Wanna put an unpleasant divorce behind you? Consider moving to Tristan Da Cunha, in the calm and lovely brutally harsh South Atlantic Ocean! Tristan Da Cunha, the most remote place on earth, is 1,750 miles from South Africa. It’s as good a place as any to move if you hope to transfer your child out of school to a spot midway between your house and your child’s mother’s place. Here’s why.

School Residency Requirements in Virginia

Suppose you thoughtfully develop a plan hatch a mad scheme to send your children to a school geographically halfway between your home and your spouse’s digs. You would save time, money, fuel, and a bit of sanity with such a move, because you and your spouse would both be traveling the same distance to pick up or drop off your kids at school. Right?

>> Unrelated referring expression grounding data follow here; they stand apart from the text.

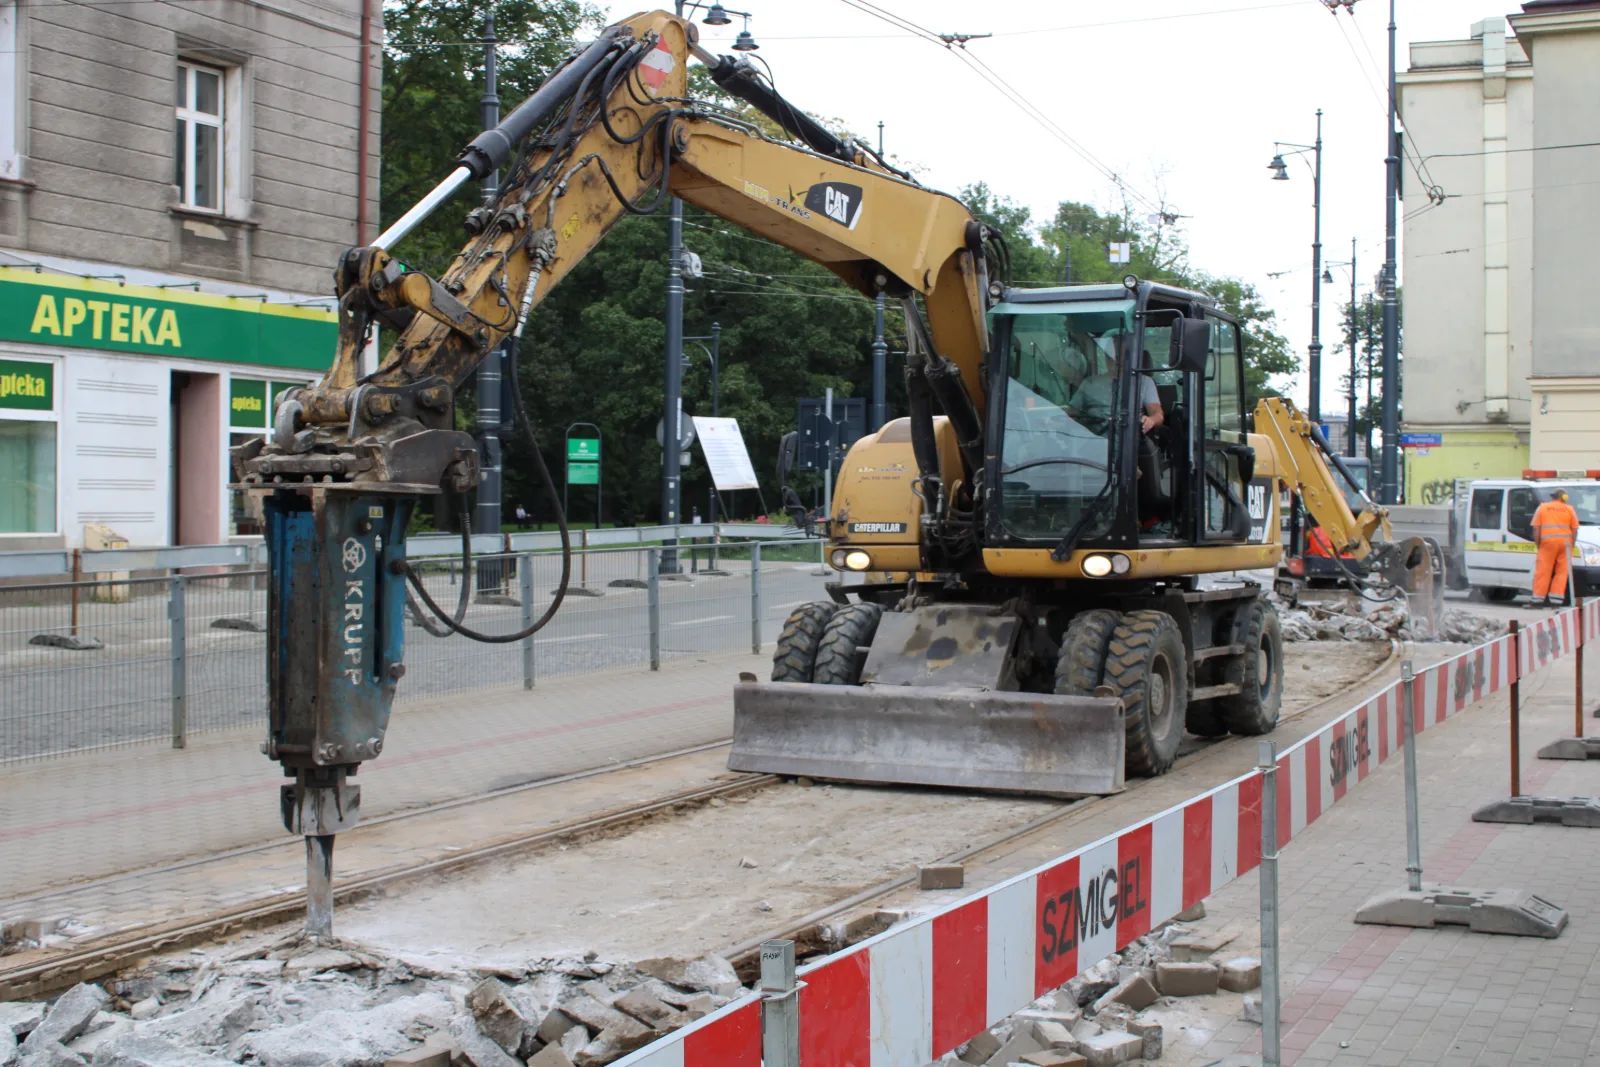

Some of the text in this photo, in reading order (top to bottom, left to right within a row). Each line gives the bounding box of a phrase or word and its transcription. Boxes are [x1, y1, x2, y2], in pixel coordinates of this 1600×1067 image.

[825, 186, 850, 223] CAT
[30, 294, 182, 348] APTEKA
[0, 372, 46, 398] pteka
[231, 396, 262, 412] apteka
[1247, 484, 1265, 520] CAT
[854, 523, 901, 533] CATERPILLAR
[344, 579, 364, 686] KRUPP
[1041, 855, 1146, 965] SZMIGIEL
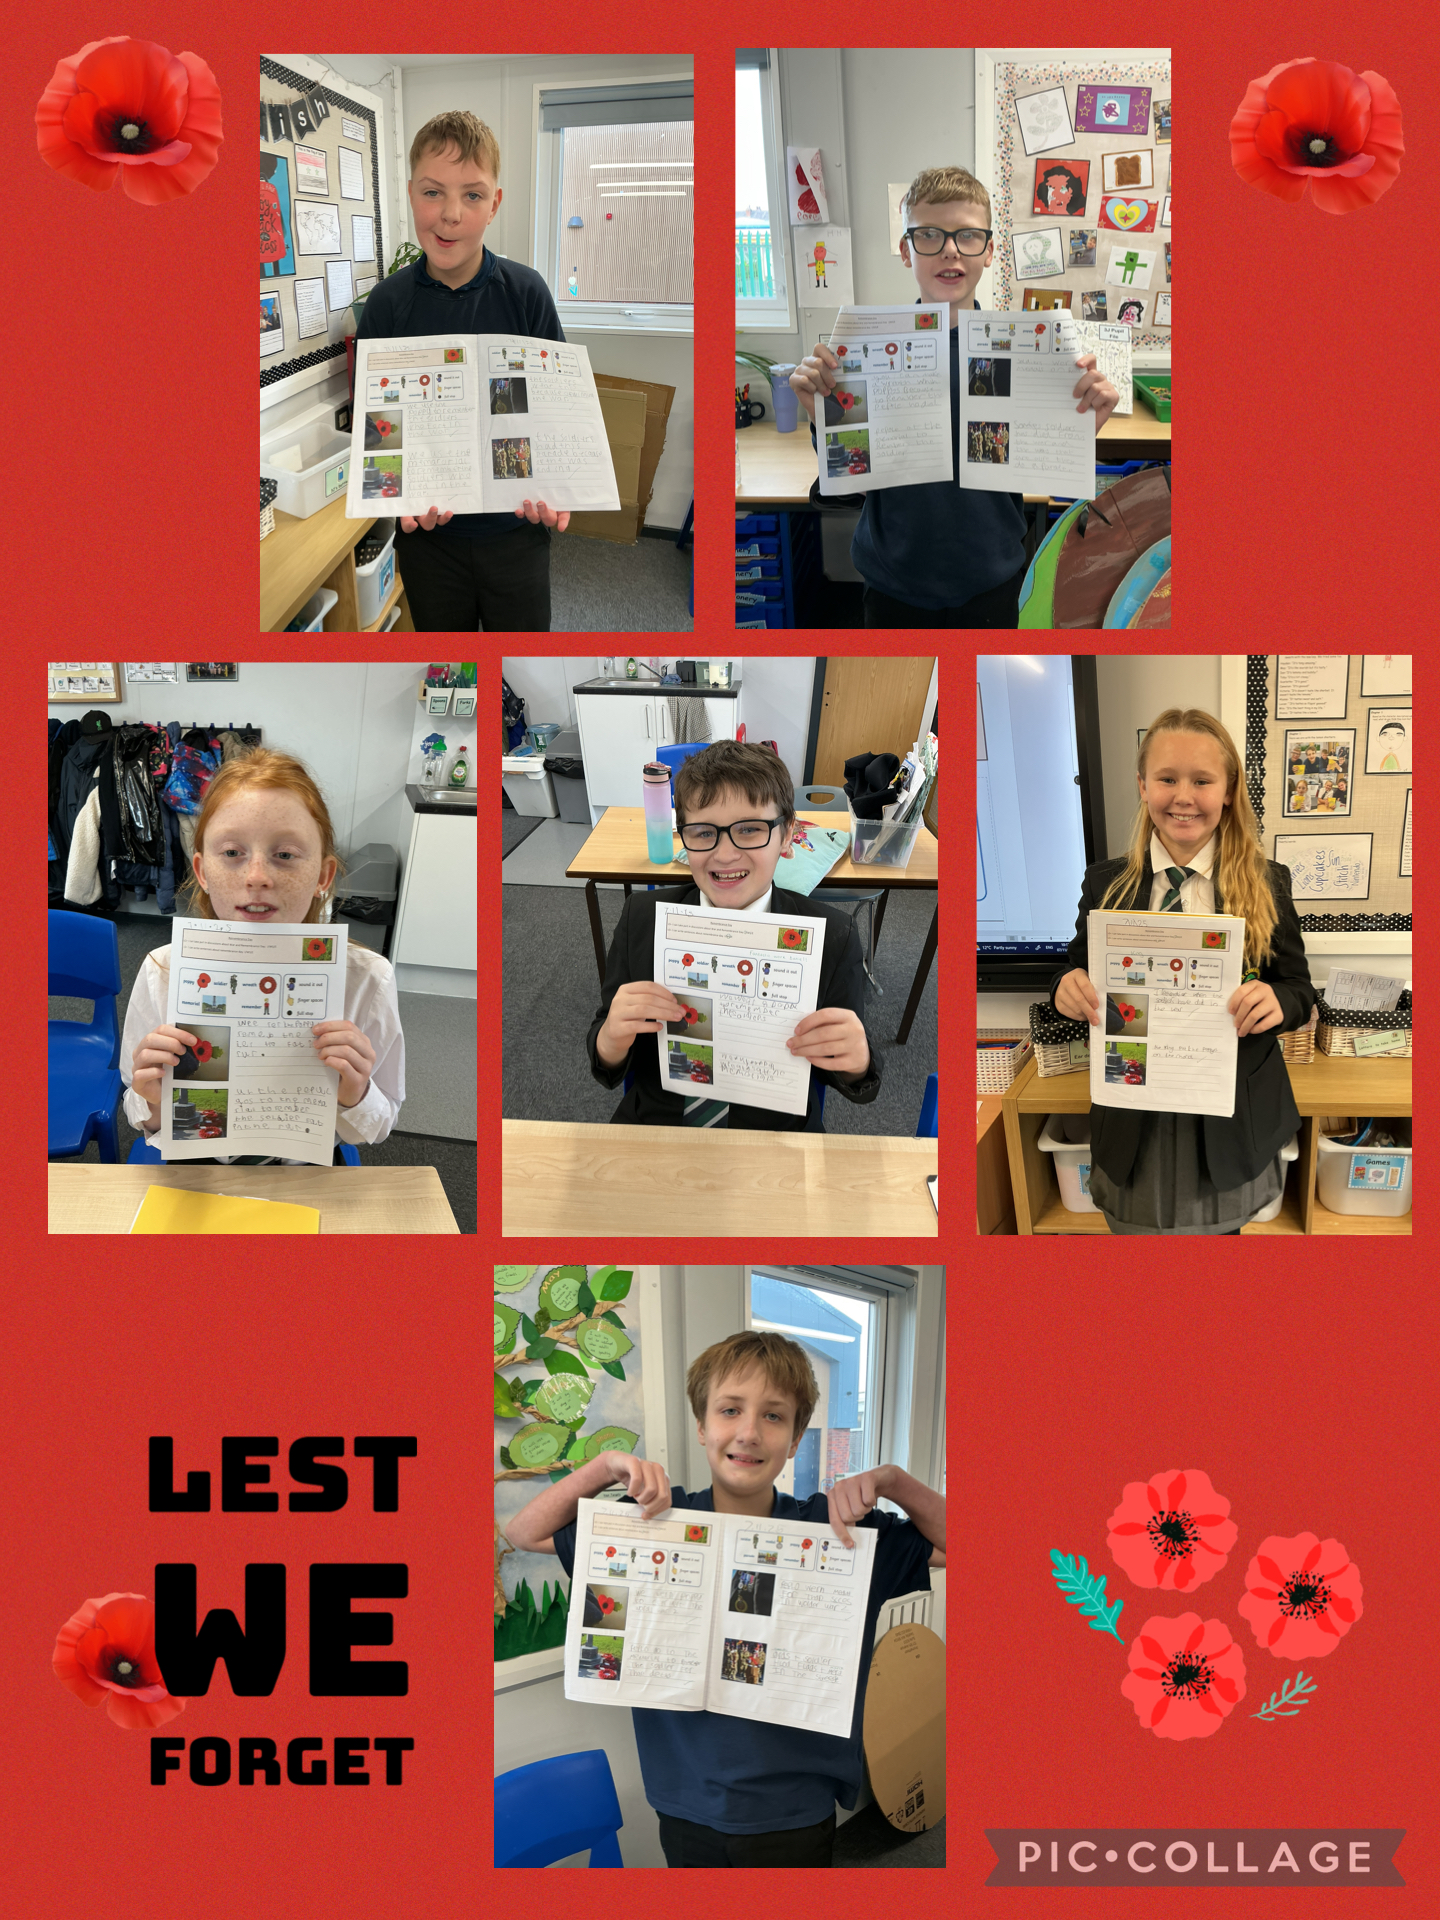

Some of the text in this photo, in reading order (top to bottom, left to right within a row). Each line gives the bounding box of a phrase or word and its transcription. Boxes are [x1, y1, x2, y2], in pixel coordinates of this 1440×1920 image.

[1308, 849, 1328, 893] Cupcakes
[1333, 864, 1349, 889] Stitch
[1366, 1158, 1391, 1167] Games
[542, 1270, 560, 1294] May

Many school districts honor the optional “Open school enrollment policy” laid down in Code of Virginia § 22.1-7.1, which seems to give you carte blanche to send your kid anywhere you like.

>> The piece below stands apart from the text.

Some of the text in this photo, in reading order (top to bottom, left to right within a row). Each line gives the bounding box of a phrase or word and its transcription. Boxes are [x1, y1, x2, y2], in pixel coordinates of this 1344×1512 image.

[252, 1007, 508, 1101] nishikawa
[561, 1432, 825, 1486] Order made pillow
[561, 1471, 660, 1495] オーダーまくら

Seems to, until you actually read the law:

  1. Any local school board may establish and implement policies to provide for the open enrollment to any school of any student residing within the school division upon the request of a parent or guardian. In developing such policies, a local school board may include the following conditions and limitations:
  2. An application process whereby a parent or guardian indicates a school preference for purposes of his child attending a school in the child’s school division but outside of the attendance area in which the child resides;
  3. A requirement that the parent or guardian provide transportation for the student attending a school other than his assigned school;

See that persnickety residency requirement tucked in there? The student must be within the school division, so if the child is living with your spouse, your spouse must be within the boundaries of the school division, which means one of Virginia’s 133 school districts within the eight regions defined by the Department of Education.

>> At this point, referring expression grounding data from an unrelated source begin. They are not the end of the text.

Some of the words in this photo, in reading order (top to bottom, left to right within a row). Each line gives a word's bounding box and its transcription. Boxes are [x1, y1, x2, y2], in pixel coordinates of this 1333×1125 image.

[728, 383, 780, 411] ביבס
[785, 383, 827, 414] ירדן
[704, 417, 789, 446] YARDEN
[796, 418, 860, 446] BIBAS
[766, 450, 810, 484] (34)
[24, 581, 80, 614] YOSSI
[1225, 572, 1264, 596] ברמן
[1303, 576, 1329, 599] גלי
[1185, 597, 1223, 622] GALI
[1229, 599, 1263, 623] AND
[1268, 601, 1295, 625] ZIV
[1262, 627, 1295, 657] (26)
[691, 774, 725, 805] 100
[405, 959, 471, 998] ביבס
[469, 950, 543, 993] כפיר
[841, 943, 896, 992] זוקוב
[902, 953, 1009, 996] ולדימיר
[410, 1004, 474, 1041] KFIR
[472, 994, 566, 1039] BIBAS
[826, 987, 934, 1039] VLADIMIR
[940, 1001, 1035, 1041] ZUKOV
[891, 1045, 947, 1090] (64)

See that second caveat? If you do decide to relocate Junior to a school midway between your house and your ex-spouse’s house within the same school district, you and your former spouse are responsible for getting Junior to and from school every day.

Every year.

In all kinds of weather.

Year after year. 

Kids go to school from age five onwards for 180 days each year; 13 x 180 = 2,340 days of driving back and forth. That’s basic math, and it paints a grim future for you.

Basic Virginia Math

Virginia’s 42,775 square miles are not evenly divided among its 133 school divisions, but let’s suppose they were. Each school district would be only 321 square miles, which could be a 20-mile x 16-mile district, as one example.

If you and your former spouse were at the extreme edges of such a district, a school halfway between your homes would only be 10 miles away.

Most people would find very little value in uprooting a child from a nearby school, perhaps only blocks away, to send her or him to a school 10 miles away.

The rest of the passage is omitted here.